The contract with the executive search firm is in the process of being finalized. 

Then Provost Joanne Bruno announced that the Strategic Initiatives Committee recommended 12 former ESU professors to be considered for Emeritus appointments. They include the following: Margaret Benson from early childhood education, Teri Burcroff from special education, Diane Cavanagh from special education, Susan Harlan from early childhood education, Maureen McLaughlin from reading, Elizabeth Gibbons from theatre, Laurie Pierangeli from nursing, Suzanne Prestoy from nursing, Sheila Handy from business, Susan Elaine Rogers from HRTM (Hotel, Restaurant and Tourism Management), Bradford Seid from HRTM and Carey Snyder from ESU Athletics. 

The recommendations were approved by the Trustees. 

Ken Long, vice president of administration and finance and future interim president of ESU, presented the finance committee report.   

According to Long, in almost all areas, local fees would be increased by 3 percent. The only exception was residential life. Since University Ridge is one of ESU’s most sought-after residential units, residential life would see a 4.9 percent increase in fees. 

Long expressed his desire to keep the cost of local fees down, but it would be challenging. 

“It will be a struggle,” he said. “Some of the areas such as residential life, we will have to make some additional cuts in order to keep at those numbers.” 

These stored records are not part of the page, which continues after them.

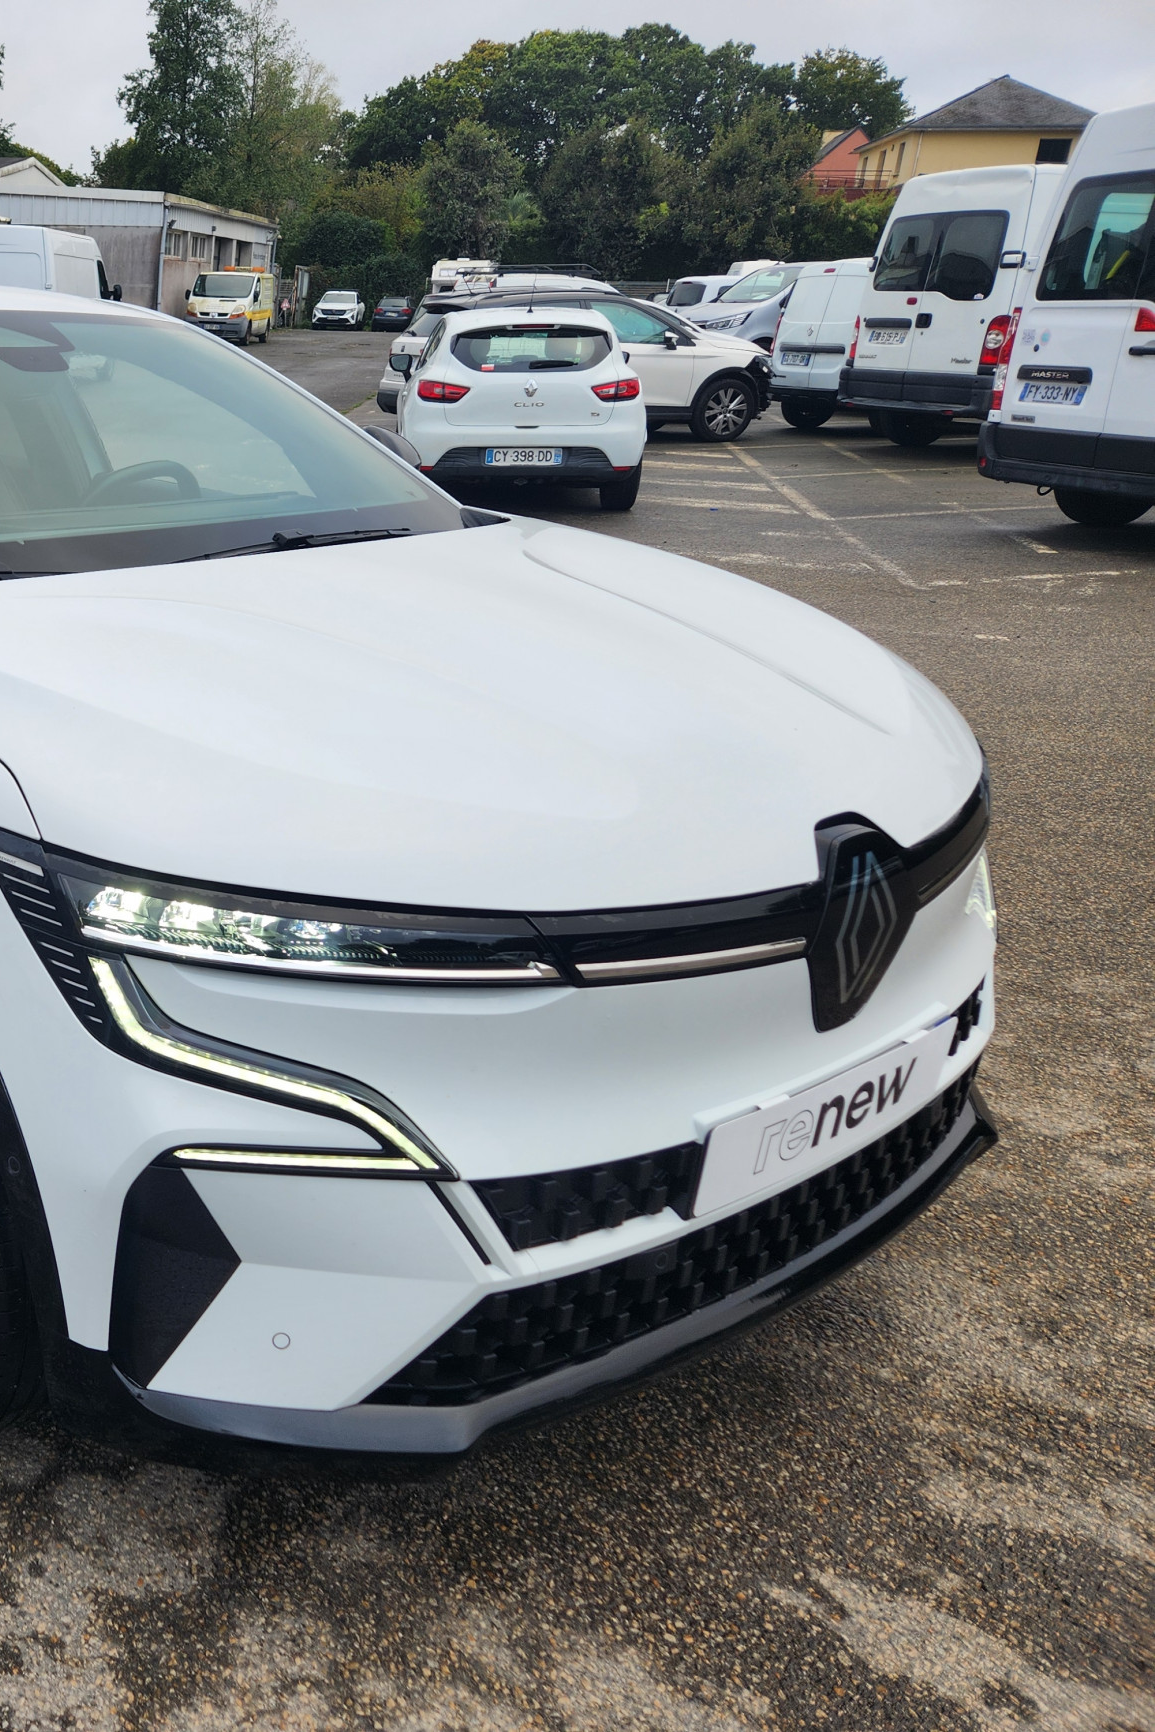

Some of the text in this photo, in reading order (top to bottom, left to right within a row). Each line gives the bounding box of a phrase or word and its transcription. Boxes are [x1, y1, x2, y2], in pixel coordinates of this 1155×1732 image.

[1031, 370, 1070, 379] MASTER
[494, 450, 553, 463] CY-398-DD
[753, 1056, 917, 1175] renew
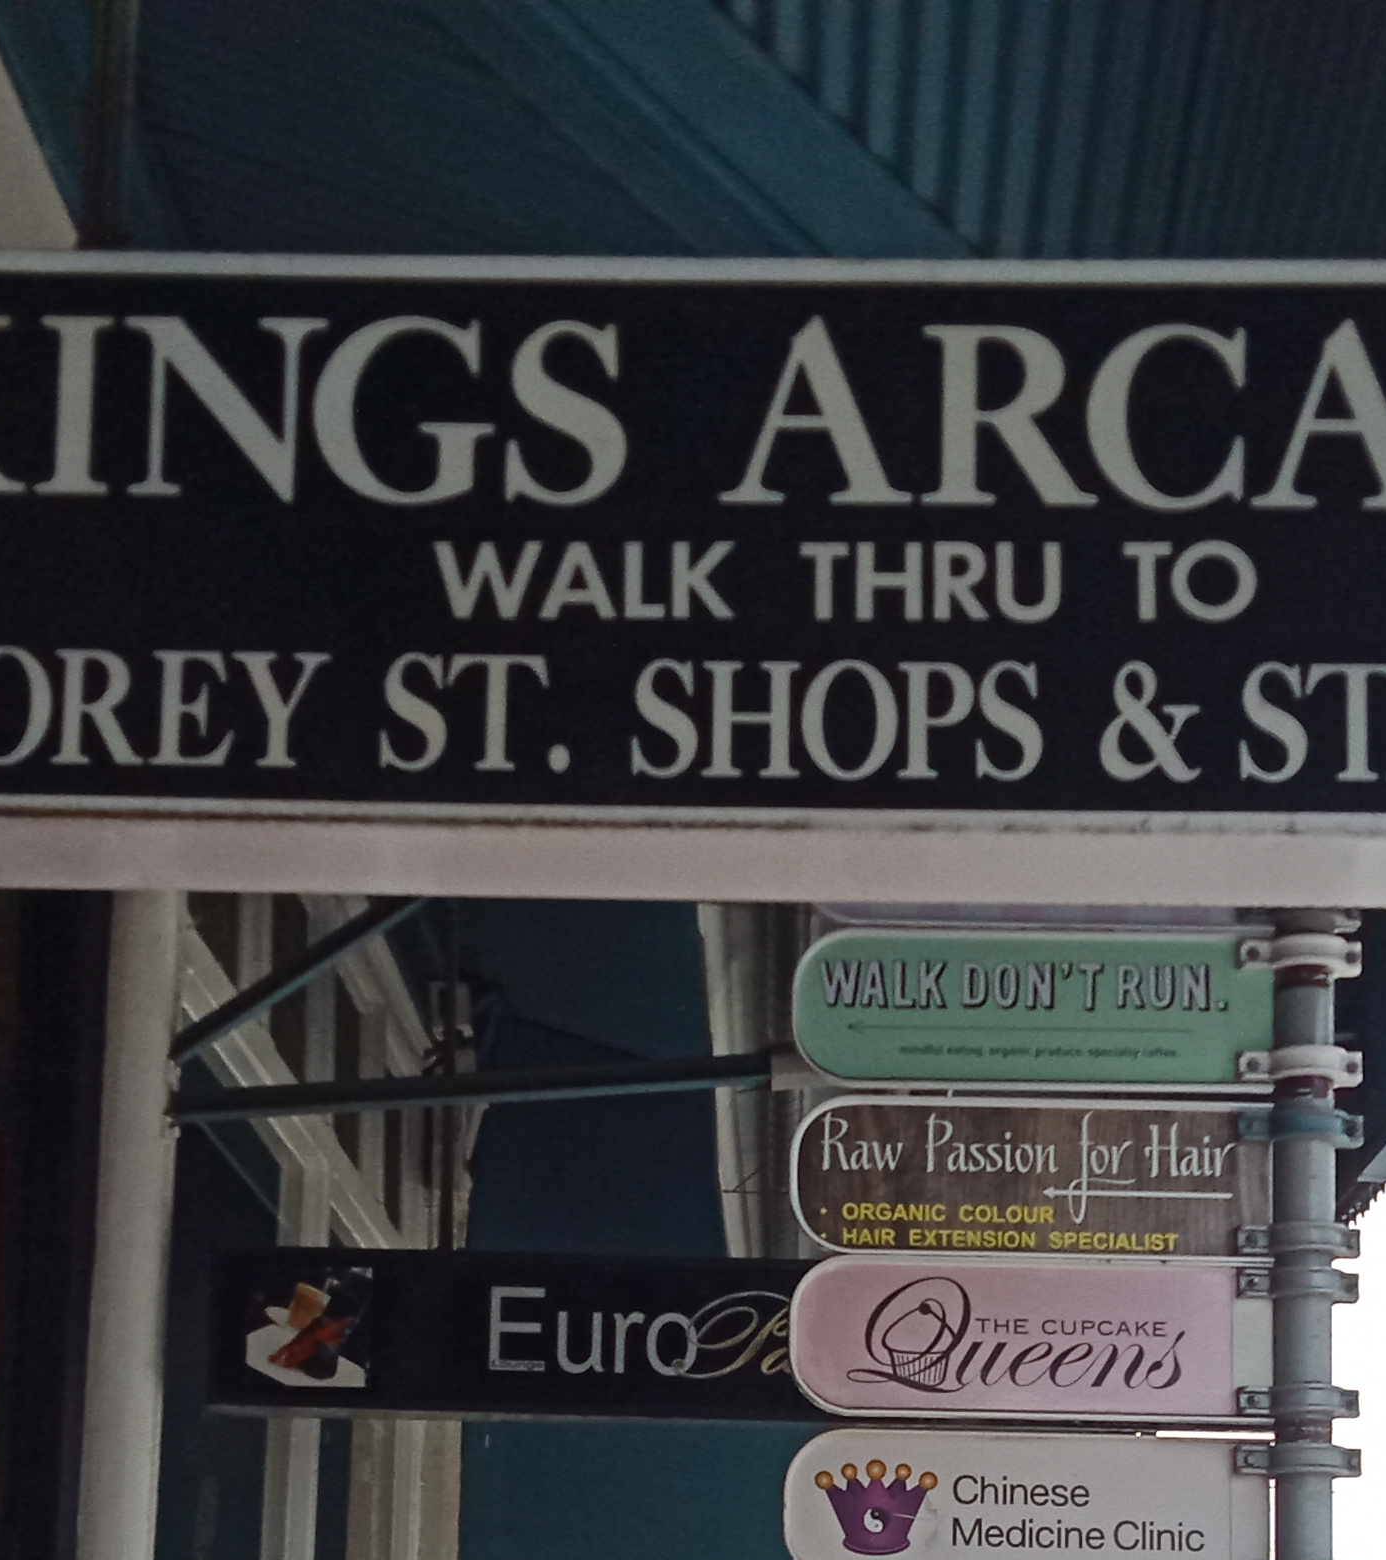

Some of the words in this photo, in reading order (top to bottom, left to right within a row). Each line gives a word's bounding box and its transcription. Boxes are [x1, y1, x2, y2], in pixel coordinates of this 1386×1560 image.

[433, 541, 735, 620] WALK
[800, 541, 1062, 623] THRU
[1122, 541, 1258, 622] TO
[379, 652, 571, 774] ST.
[629, 657, 1043, 782] SHOPS
[1099, 660, 1201, 783] &
[820, 960, 947, 1010] WALK
[962, 960, 1104, 1012] DON'T
[1115, 963, 1229, 1012] RUN.
[820, 1111, 904, 1172] Raw
[925, 1113, 1059, 1174] Passion
[1068, 1111, 1136, 1224] for
[1144, 1122, 1235, 1178] Hair
[842, 1204, 946, 1223] ORGANIC
[959, 1205, 1055, 1224] COLOUR
[842, 1229, 896, 1247] HAIR
[909, 1230, 1037, 1249] EXTENSION
[1049, 1232, 1179, 1252] SPECIALIST
[488, 1285, 697, 1377] Euro
[846, 1276, 1186, 1393] Queens
[976, 1318, 1028, 1336] THE
[1041, 1319, 1168, 1337] CUPCAKE
[952, 1475, 1090, 1507] Chinese
[951, 1517, 1104, 1550] Medicine
[1114, 1521, 1205, 1553] Clinic

Long noted that some of these fees including transportation and parking fees have been suspended going into the summer session, so students would be only paying tuition-related costs during the summer. However, a determination for the fall has yet to be made. 

Toward the end of the meeting, the trustees decided to keep the same slate of officers for the next academic year in order to ensure continuity in the face of uncertainty caused by the COVID-19 virus outbreak. 

Since this was Welsh’s last meeting with her current title, Ross recognized her for her contributions to the university. 

“She has done an outstanding job under many obstacles and difficult times,” Ross said. “She, along with her staff, have made very hard decisions to put this university where we are along with Ken and Jo and now Santiago.” 

“You are going to be missed very much. She has reached out to the community and been a very active part in the community, partaking and serving on many boards. Thank you, Marcia. We really appreciate everything you’ve done,” Ross said. 

Welsh expressed her gratitude. 

“ESU has become my life for eight years and in many ways my family,” she said. “I will miss you all terribly. But I will stay in touch, and I will be back once in a while.” 

Welsh also took the time to thank William Cheetham, interim VP for enrollment management, for all of his work in rebuilding the admissions team. 

Ross then closed the meeting. 

“All of you be safe and hope everything goes well,” Ross said. 

The next Trustees meeting is scheduled for Thursday, Sept. 24.